With some of his paintings reaching well over the five-million-dollar mark, it is safe to say Minjun’s vision seems to be fully realized more often than not, and that an appreciative audience exists, international in its scope. He decided one day to “try the laughing man in three dimensions, to see what that would be.” Part of that project became the famed 14 figures in English Bay, which drew immediate, enthusiastic responses from the people who thronged to see them and interact with them. The installation, part of the Vancouver Biennale’s ongoing, steadfast commitment to bringing world-class public art to the city, was scheduled to reside here for two years, with the hopes of raising enough interest and funds to keep it here permanently. The multi-million-dollar price tag was proving a serious impediment to that plan, but, according to Biennale founder and president Barrie Mowatt, “the artist was a bit surprised, I think, but also moved, when we informed him of how much his works were engaging the people here. So he dropped the price to a very low $1.5 million.”

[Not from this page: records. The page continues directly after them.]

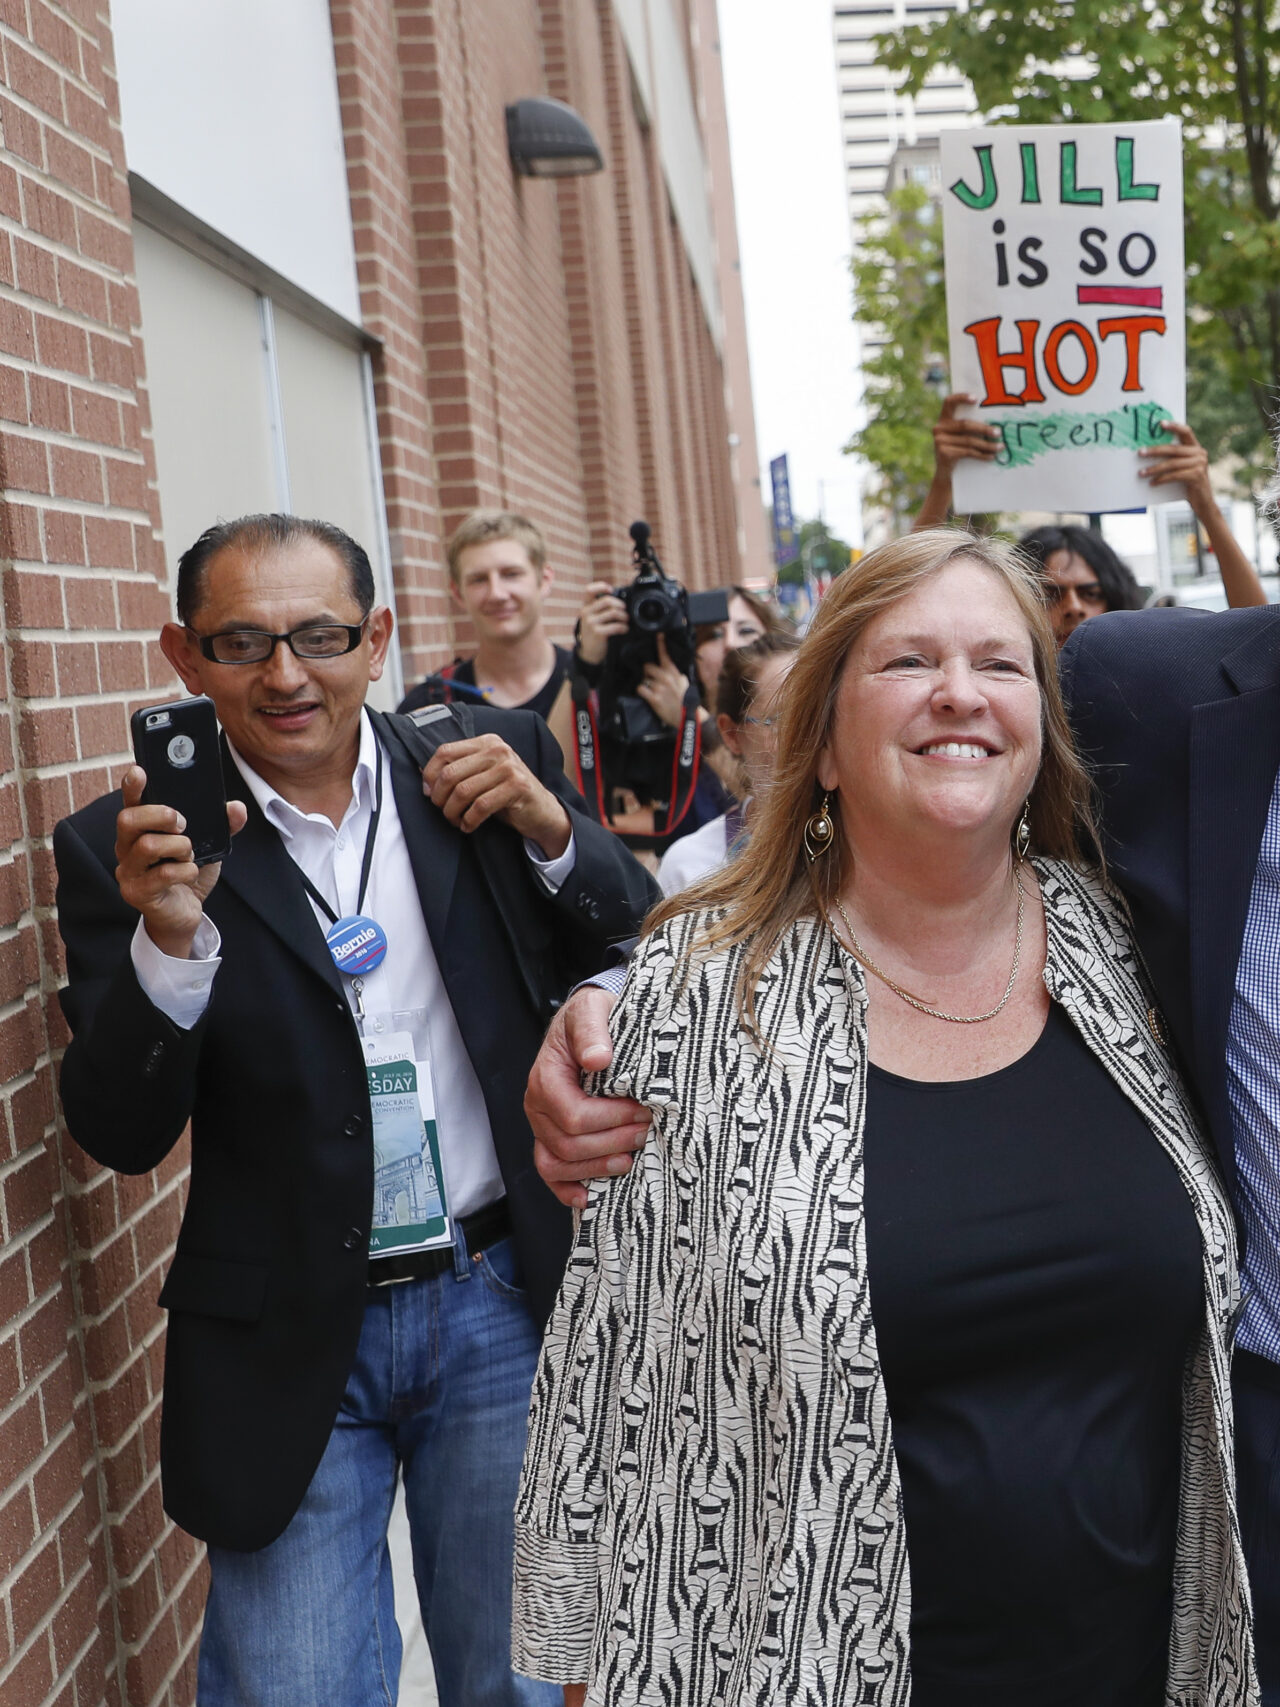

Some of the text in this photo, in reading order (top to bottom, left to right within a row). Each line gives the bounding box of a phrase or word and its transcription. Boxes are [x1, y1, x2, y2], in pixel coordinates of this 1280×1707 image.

[950, 136, 1160, 210] JILL
[993, 218, 1048, 288] is
[963, 315, 1167, 407] HOT
[990, 419, 1114, 466] green
[680, 720, 696, 767] Canon
[330, 928, 376, 961] Bernie
[366, 1053, 409, 1065] EMOCRATIC
[372, 1098, 414, 1108] EMOCRATIC

At that point, Shannon and Chip Wilson joined the fray, purchasing and then gifting the sculptures to the city. Thus, A-maze-ing Laughter has a permanent home near the beach. Minjun is still impressed, years later, with how popular his work is. “I saw photos and videos of people interacting with my sculptures, enjoying them. This is not something I anticipated, but it is gratifying,” he says. “My art is certainly meant to elicit a response. I cannot, and do not want to, control that response. This is very important. The art must speak for itself, and each person has their own way of understanding it.” The interpreter keeps up with Minjun easily, because he speaks so concisely, patiently, answering questions he has perhaps heard more than a few times. But every so often she must ask Minjun for clarification, which he provides. Through this process, he will not usually string together a lengthy sequence of sentences, but rather keep things short. The result is answers that he considers for quite a few seconds, taking in the question fully, and answering similarly.

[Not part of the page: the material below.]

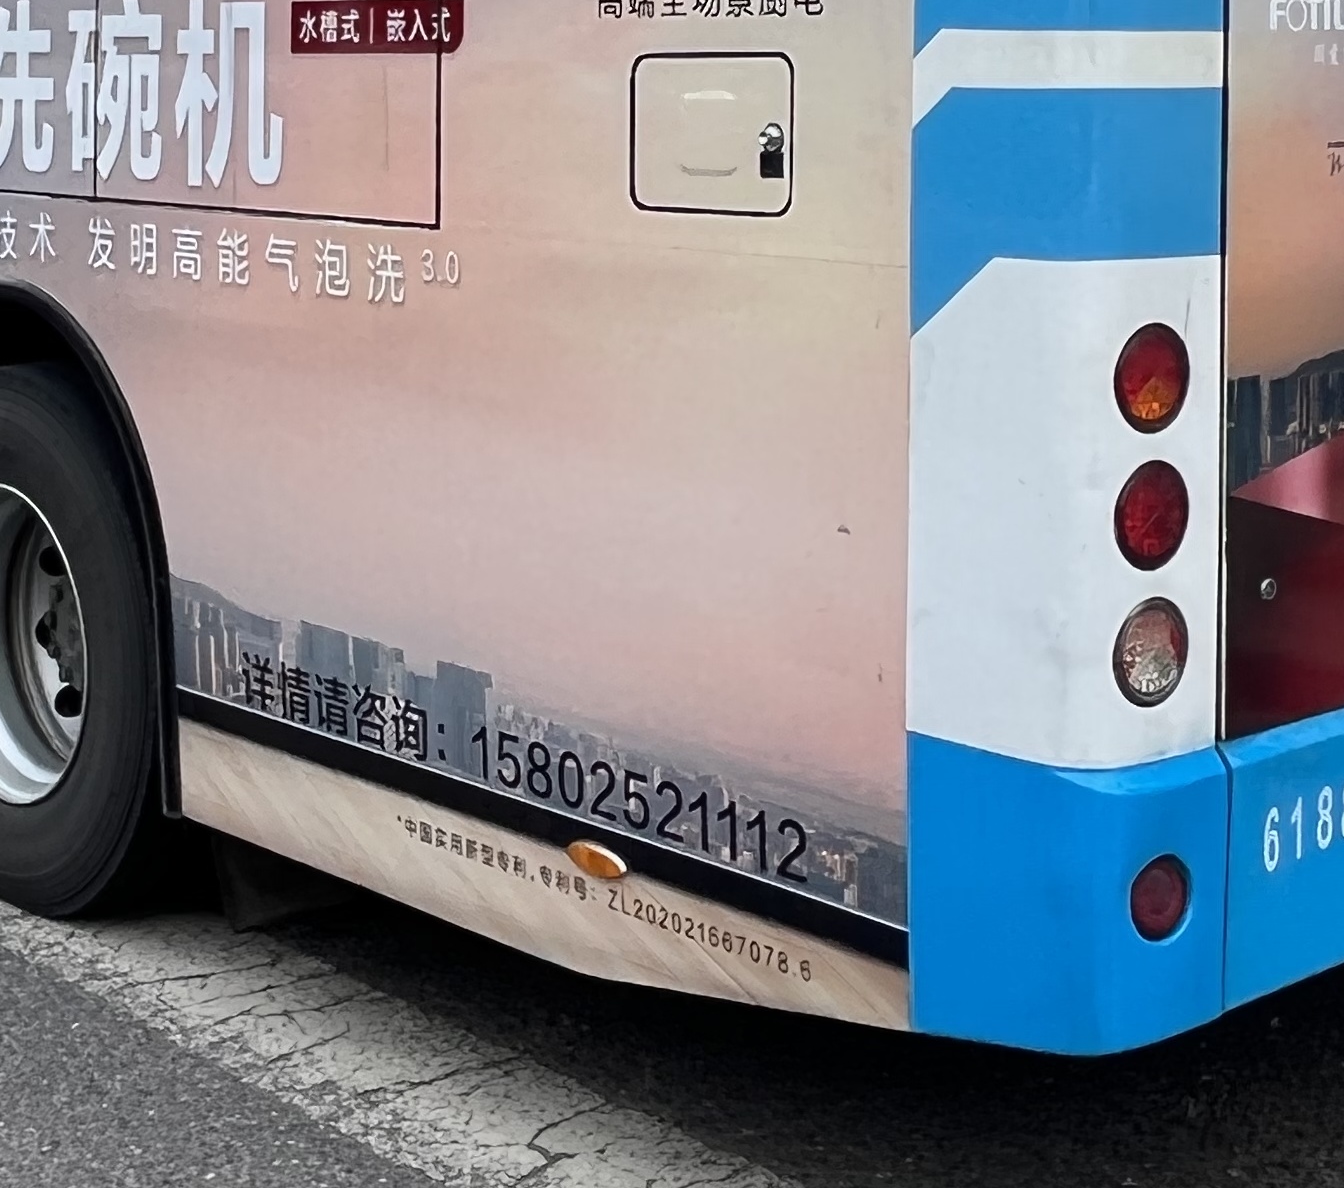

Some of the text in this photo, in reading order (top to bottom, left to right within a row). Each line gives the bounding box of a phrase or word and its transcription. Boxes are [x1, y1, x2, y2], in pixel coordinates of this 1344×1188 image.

“Yes, I want my work to affect the world. To create thought and feeling more than anything. But I never think about how the world will respond to me. I do not work for approval.”
Many of Minjun’s most famous works have those smiling faces we see in English Bay, but they are not, of course, always in the same context. For example, in The Execution, four smiling men are facing what looks in every way like a firing squad, except the executioners are not actually holding weapons. And Isolated Island shows three smiling figures, in their familiar, lurid pink skins, but with their hair coiffed to show devil’s horns. The effect, generally speaking, is of a mildly hysterical response to something momentously awful, threatening, intimidating. Clearly, the artist knows exactly what he wants to say in these works.
Minjun has been associated, by press and art critics around the world, as part of a post-Tiananmen Square movement called “cynical realism,” but he basically calls it off while in no way denying the movement itself. “Obviously in my country there are problems. How does an individual react to the world? That is a good question,” he says. “And then how does a person take any kind of action? Another good question. But I do not think of myself as part of a large movement. We are artists trying to express something, to express ourselves, our view of the world.”
Minjun sits back, easily, in his chair. He looks around the expansive lobby, looks at his interpreter and at the Biennale founder, and, remarkably, says, “Yes, I want my work to affect the world. To create thought and feeling more than anything. But I never think about how the world will respond to me. I do not work for approval. To me, art is not an affirmation, and not condemnation. It is a questioning.” Mijun’s manner is not quite formal, but he is quick, smart, and not at all reticent about art. “Life is sad,” he says, “and we can only face it by deflecting it.” In a way, that acutely explains the laughing men: everything about the paintings, and the sculptures, suggests shock, dread, exposure, and helplessness—but all with that gaping, shouting smile or laugh, which suggests, after all, that at least we try.
There are virtually endless possibilities for Minjun. The laughing face can be seen wearing an astronaut’s helmet, or, in Floating, as several disembodied heads suspended in the sky, interspersed with human skulls. Often lurid, even macabre, the effect is at once startling, challenging, and beautiful. It is a potent recipe for self-expression.
As he prepares to leave the hotel, to get on with his day, in which he is scheduled to meet the public at the site of his sculptures, Minjun finishes his coffee and cordially expresses his gratitude. One just cannot help but wonder what work of art he is working on in his mind, as he wends his way through his days in Vancouver.